The New York Times has an interesting report this afternoon on the administration's response to the coronavirus outbreak, noting for example, that Donald Trump told associates that he put Mike Pence in charge of the response because the vice president didn't "have anything else to do."
I feel safer already.
The Times went on to report that the administration has tapped Dr. Deborah L. Birx, the director of the United States effort to combat H.I.V. and AIDS, to serve as the Coronavirus Response Coordinator for the White House. Or put another way, Team Trump has identified three entirely different people as the point person for the federal response over the last 24 hours: from HHS Secretary Alex Azar to Pence to Birx.
But perhaps most important was the Times' report that Pence hopes to prevent the contradictory statements about the crisis that have emanated from the White House in recent days.
The vice president's first move appeared to be aimed at preventing the kind of contradictory statements from White House officials and top government health officials that have plagued the administration's response.... Dr. Anthony S. Fauci, one of the country's leading experts on viruses and the director of the National Institute of Allergy and Infections Diseases, told associates that the White House had instructed him not to say anything else without clearance.
I can appreciate why message discipline is a priority.
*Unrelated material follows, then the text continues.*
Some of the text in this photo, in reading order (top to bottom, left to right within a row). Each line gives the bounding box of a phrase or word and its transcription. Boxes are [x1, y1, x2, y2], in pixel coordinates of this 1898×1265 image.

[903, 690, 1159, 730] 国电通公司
After all, when the public hears competing assessments from the authorities during a public-health emergency, people won't know whom to believe.
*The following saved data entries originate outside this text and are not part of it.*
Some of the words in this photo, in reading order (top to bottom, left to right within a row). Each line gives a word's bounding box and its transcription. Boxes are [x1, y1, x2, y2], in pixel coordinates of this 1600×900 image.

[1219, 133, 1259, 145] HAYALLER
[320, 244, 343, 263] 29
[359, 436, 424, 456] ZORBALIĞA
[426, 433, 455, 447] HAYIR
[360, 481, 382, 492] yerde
But Pence's solution seems to miss the point. The problem this week wasn't that officials were able to speak freely; it was that too many White House officials didn't know what they were talking about. Muzzling experts before they can answer questions might save Team Trump some embarrassment, but it fixes the wrong problem.
Ron Klain, who earned plaudits as President Barack Obama's "czar" for the Ebola response, explained on Twitter this afternoon that the Obama administration never told CDC or NIH officials "what they could say, or ever censored their medical statements." Klain added that if the White House is doing that now, "it is a danger to public health."
Laurie Garrett, an award-winning journalist who covers these issues extensively, called the effort to put a lid on scientists "insane," adding that muzzling Fauci is like "putting ankle bracelets on Michael Jordan during the NBA playoffs."